By Peter Pantuso
For years, the American Bus Association has been urging the U.S. Department of Transportation’s Federal Motor Carrier Safety Administration (FMCSA) to crack down on illegal “rogue” operators imperiling public safety. This month, FMCSA took decisive action against one of these illegal bus operators. The entire motorcoach and group travel industry should applaud the agency for doing so.
At the same time, we also should make clear with a united industry voice that this is the first of what should be many punitive actions to get the rogues off of the road. This milestone case could change everything for the better, not only setting a precedent that illegal companies won’t be tolerated, but sending a clear message that the days of bandit buses are over.
In this case, FMCSA charged Cayetano Martinez, owner of California-based Tierra Santa, with multiple federal motor carrier safety violations. The feds fined him $72,760 after an investigation of a fatal crash in Phoenix on March 5 of one of his buses resulted to the tragic and needless deaths of six innocent passengers, while injuring 16 others.
The worst kind of ‘chameleon carrier’
FMCSA charged Martinez with 78 violations of 13 separate safety regulations. It also identified the four separate company names Martinez allegedly used to illegally operate and evade previous orders from FMCSA to cease all interstate and international passenger carrier transportation.

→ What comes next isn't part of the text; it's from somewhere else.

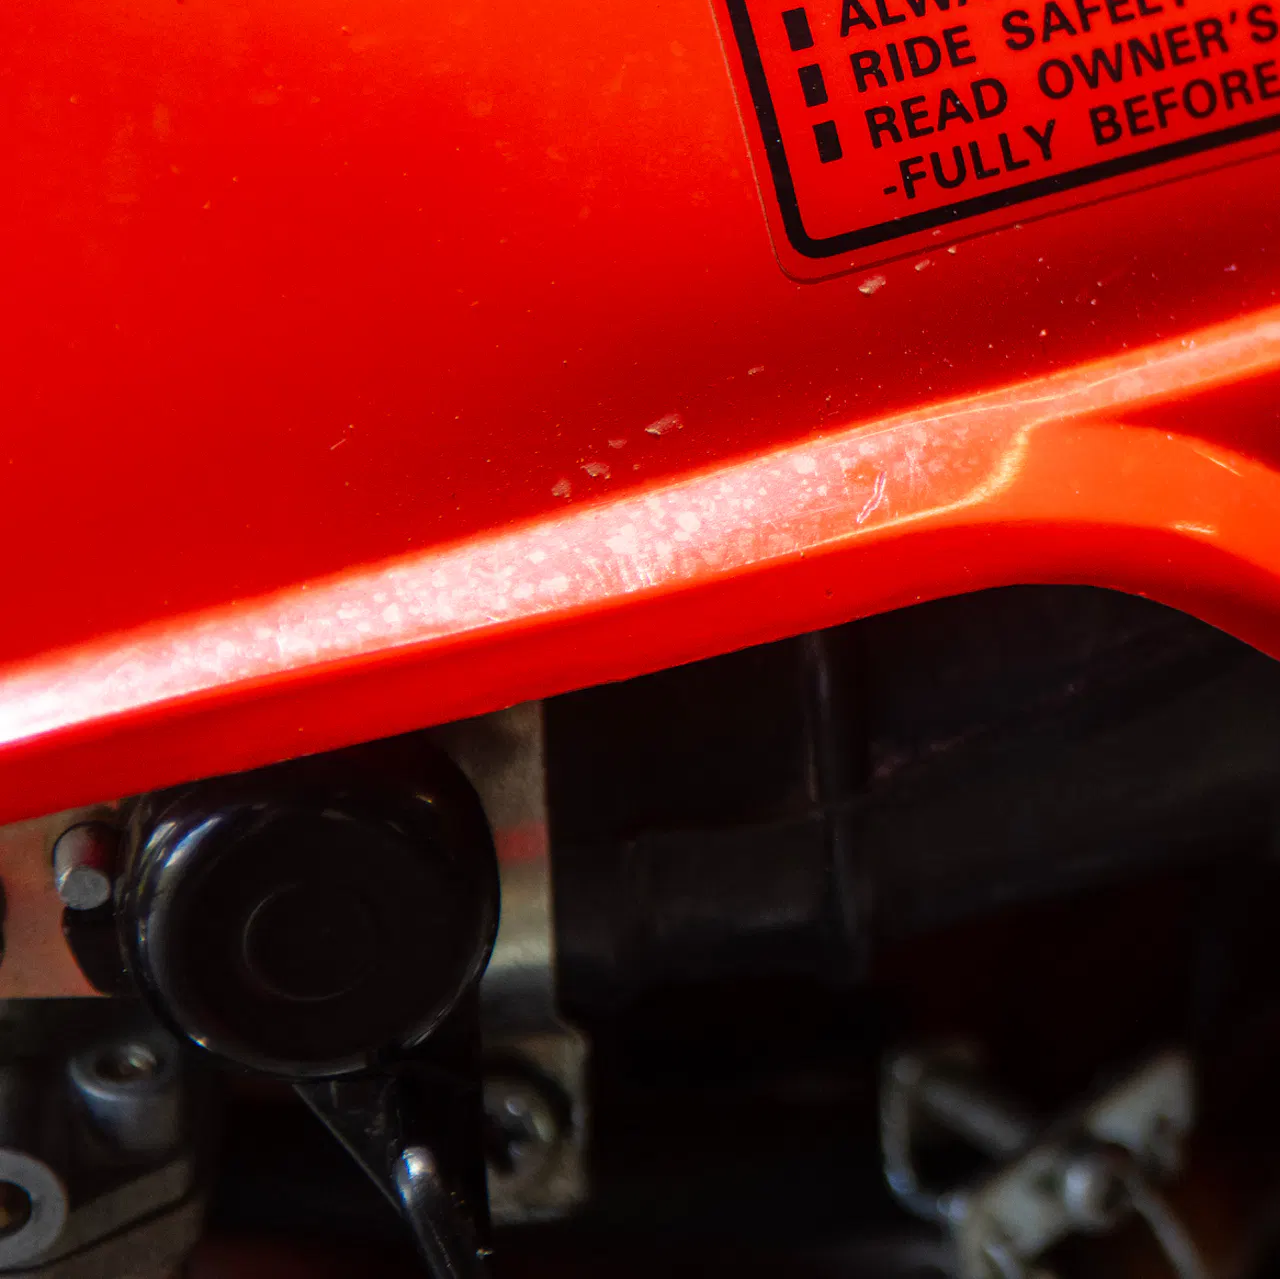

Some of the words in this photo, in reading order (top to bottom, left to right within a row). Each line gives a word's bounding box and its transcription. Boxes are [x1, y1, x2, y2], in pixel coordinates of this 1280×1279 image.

Indeed, this scofflaw was the example of the worst kind of “chameleon carrier.”
The violations against Martinez and his reincarnated companies included 19 counts of operating without federal authority; 21 counts of operating without required minimum insurance; 24 counts of operating in violation of a previous FMCSA order to cease operations; violation of alcohol and controlled substance testing requirements; violation of driver qualification requirements; violation of Hours of Service requirements; and violation of vehicle inspection requirements.
ABA has for years urged the government to be more assertive in its crackdown on rogue bus operators, because safety is our top priority. The industry’s commitment to protecting its passengers has made it the safest form of surface transportation. But a single fatality is too many, and the industry wants to make the safest even safer.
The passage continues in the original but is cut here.